Restate all entries word for word, minus pictures.
====
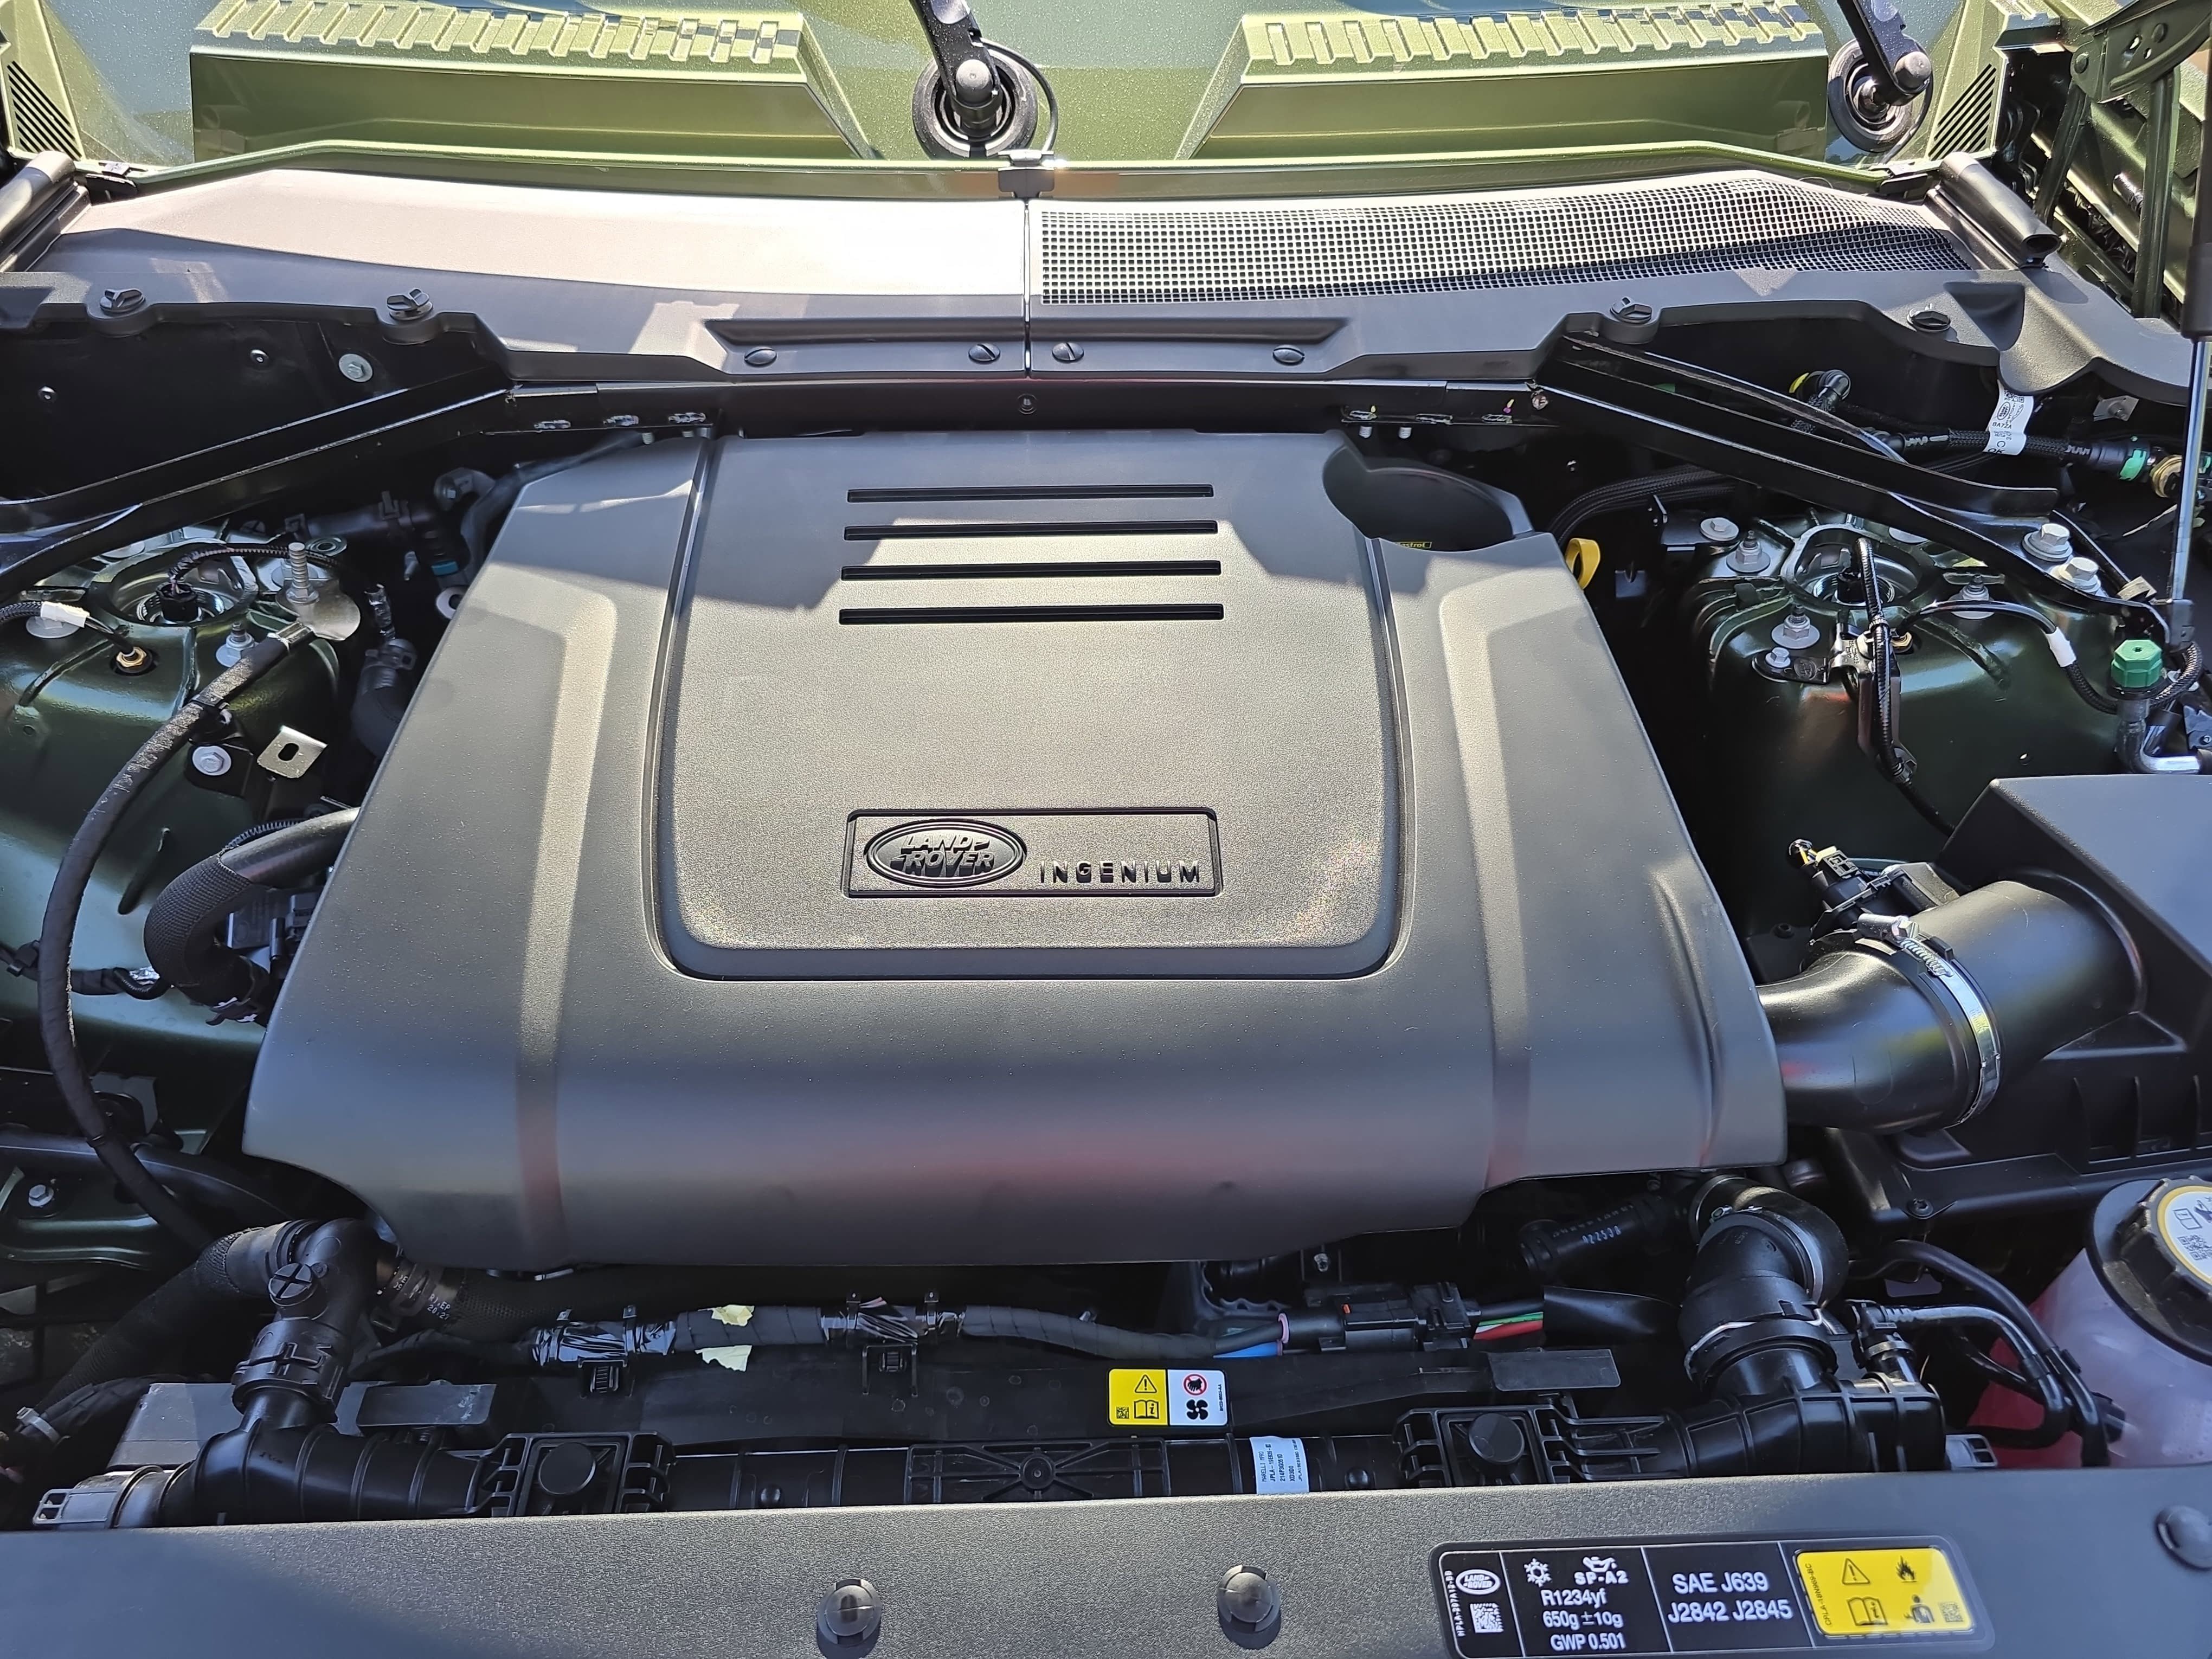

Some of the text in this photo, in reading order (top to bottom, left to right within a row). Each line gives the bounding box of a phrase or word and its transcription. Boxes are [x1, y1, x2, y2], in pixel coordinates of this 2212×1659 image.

[901, 834, 975, 852] LAND
[902, 851, 996, 877] ROVER
[1040, 860, 1199, 883] INGENIUM
[1467, 1580, 1493, 1589] ROVER
[1574, 1571, 1629, 1585] SP-A2
[1672, 1572, 1769, 1594] SAE J639
[1541, 1588, 1607, 1609] R1234yf
[1543, 1611, 1624, 1630] 650g ±10g
[1668, 1599, 1793, 1623] J2842 J2845
[1550, 1632, 1626, 1651] GWP 0.501
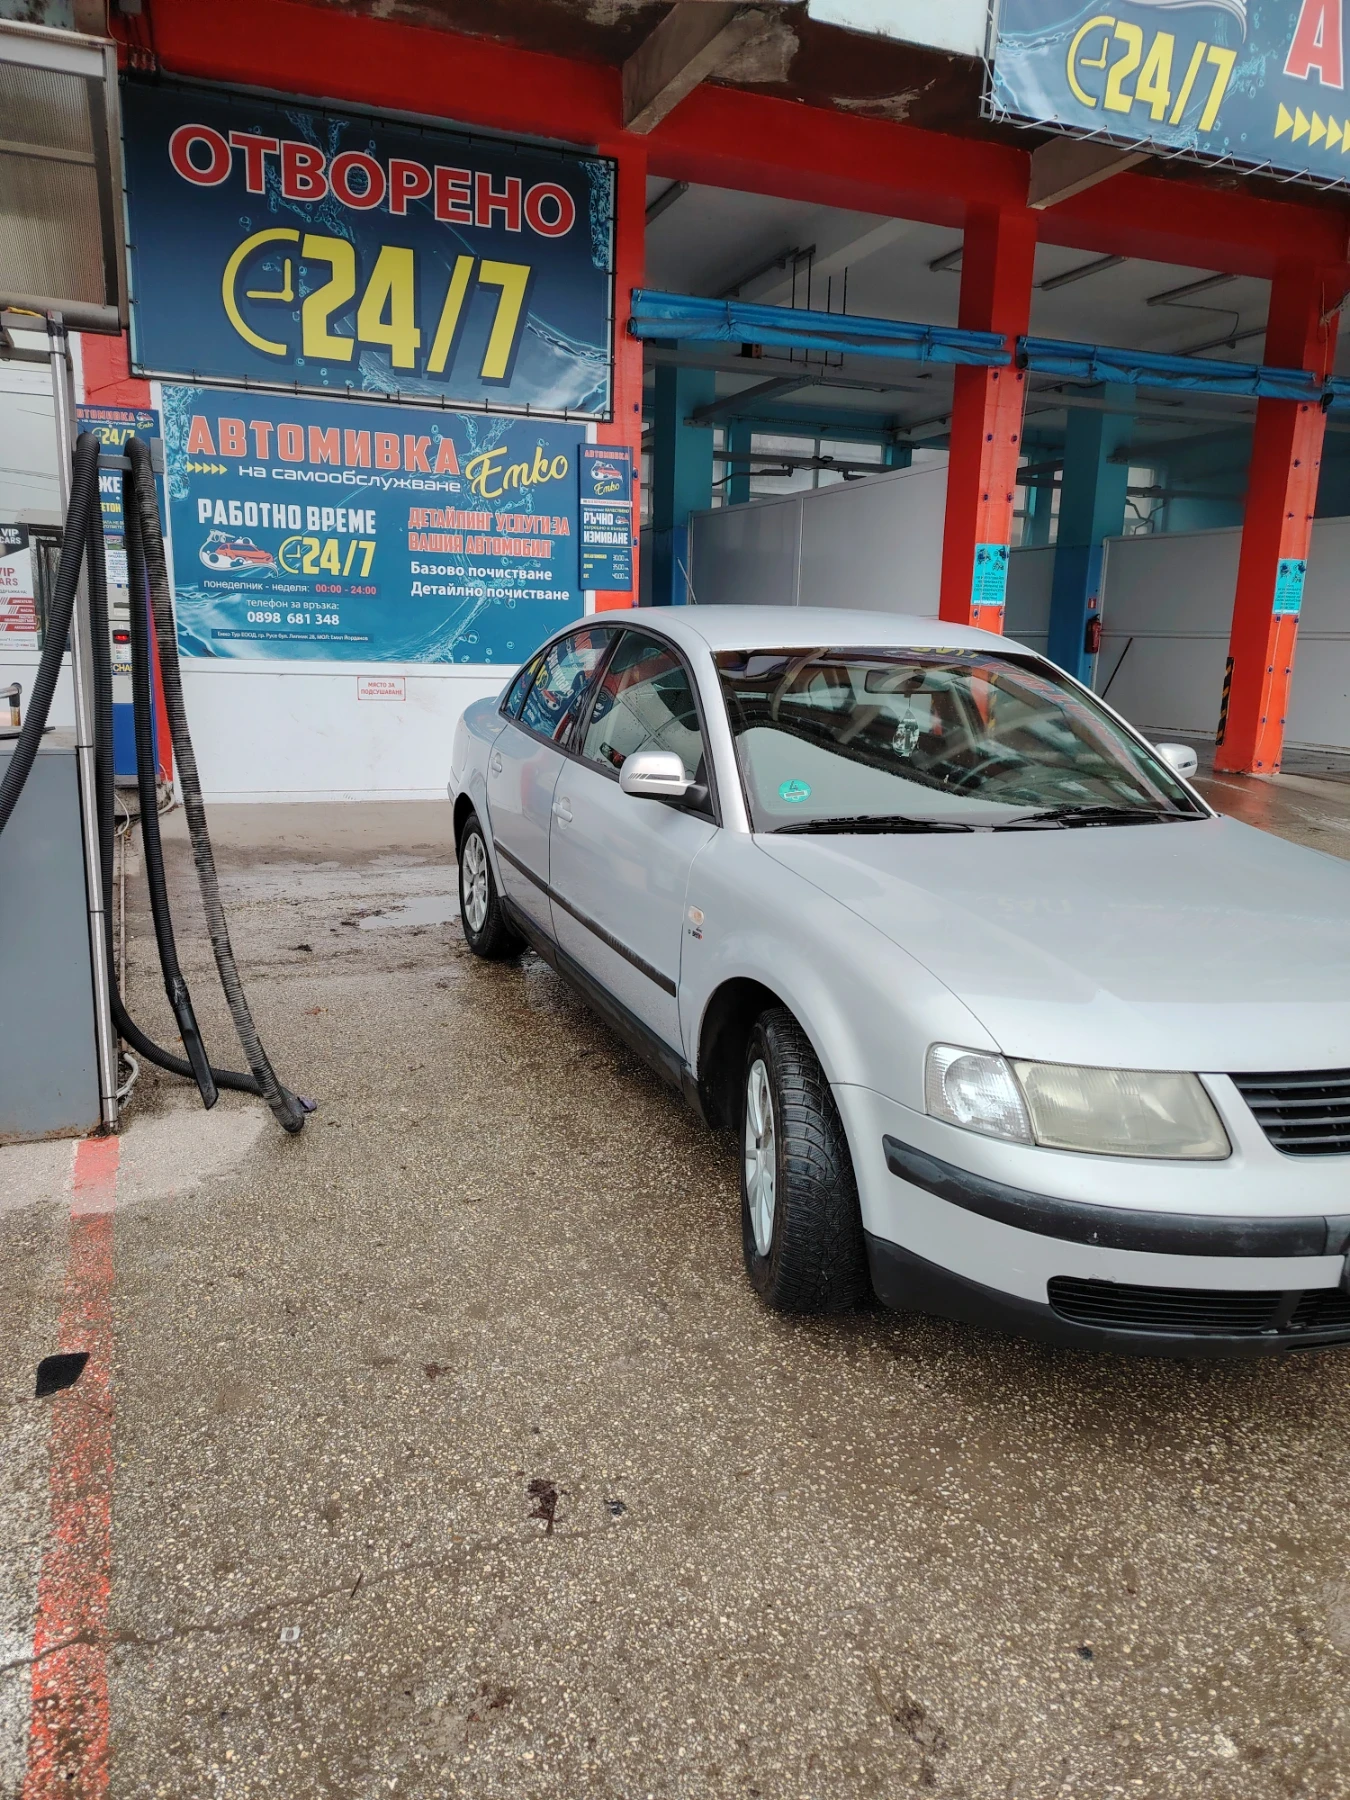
====
→ **RESPONSE BELOW**:
Some of the text in this photo, in reading order (top to bottom, left to right within a row). Each line gives the bounding box of a phrase or word and its transcription. Boxes are [x1, y1, x2, y2], in pixel coordinates of this 2212×1659 image.

[901, 834, 975, 852] LAND
[902, 851, 996, 877] ROVER
[1040, 860, 1199, 883] INGENIUM
[1467, 1580, 1493, 1589] ROVER
[1574, 1571, 1629, 1585] SP-A2
[1672, 1572, 1769, 1594] SAE J639
[1541, 1588, 1607, 1609] R1234yf
[1543, 1611, 1624, 1630] 650g ±10g
[1668, 1599, 1793, 1623] J2842 J2845
[1550, 1632, 1626, 1651] GWP 0.501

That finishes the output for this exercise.